• Activity
Omit the images. Reproduce each line of the records exactly as it appears.

• Dataset content
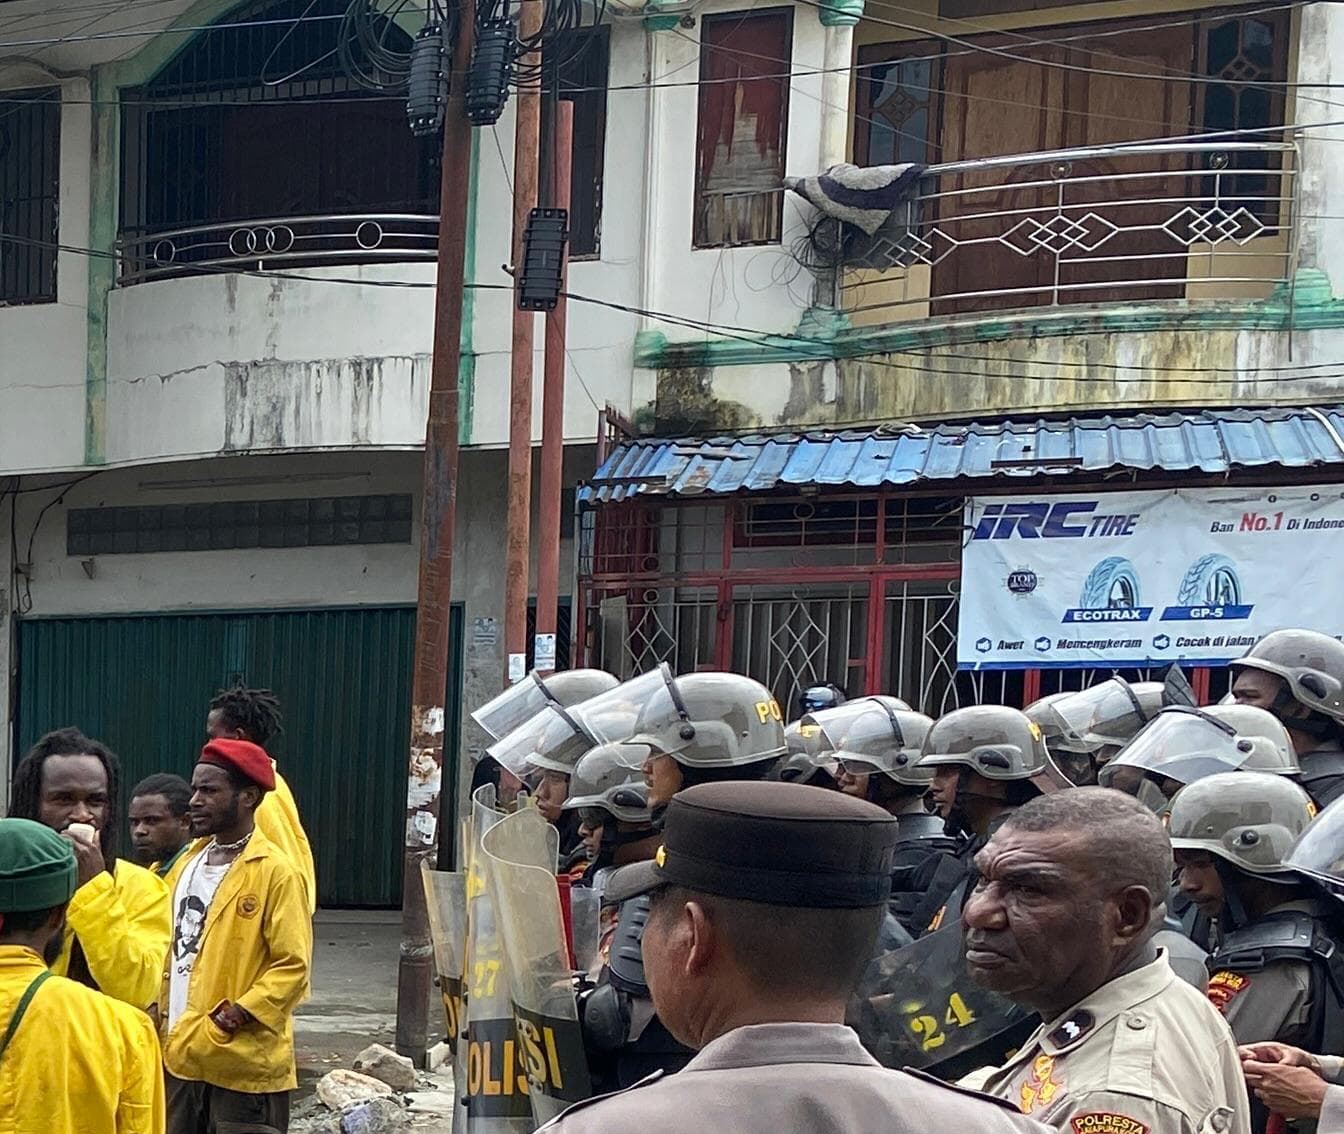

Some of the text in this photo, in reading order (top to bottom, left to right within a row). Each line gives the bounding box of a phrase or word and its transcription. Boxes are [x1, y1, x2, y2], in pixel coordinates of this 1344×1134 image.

[1088, 514, 1140, 537] TIRE
[1210, 511, 1344, 533] Ban No.1 Di Indone
[1073, 609, 1141, 621] ECOTRAX
[1190, 607, 1224, 618] GP-5
[997, 637, 1142, 651] Awet Mencengkeram
[1176, 635, 1255, 648] Cocok di jalan
[910, 992, 976, 1051] 24

• Output for this task
Some of the text in this photo, in reading order (top to bottom, left to right within a row). Each line gives the bounding box of a phrase or word and its transcription. Boxes are [x1, y1, x2, y2], in pixel coordinates of this 1344×1134 image.

[1088, 514, 1140, 537] TIRE
[1210, 511, 1344, 533] Ban No.1 Di Indone
[1073, 609, 1141, 621] ECOTRAX
[1190, 607, 1224, 618] GP-5
[997, 637, 1142, 651] Awet Mencengkeram
[1176, 635, 1255, 648] Cocok di jalan
[910, 992, 976, 1051] 24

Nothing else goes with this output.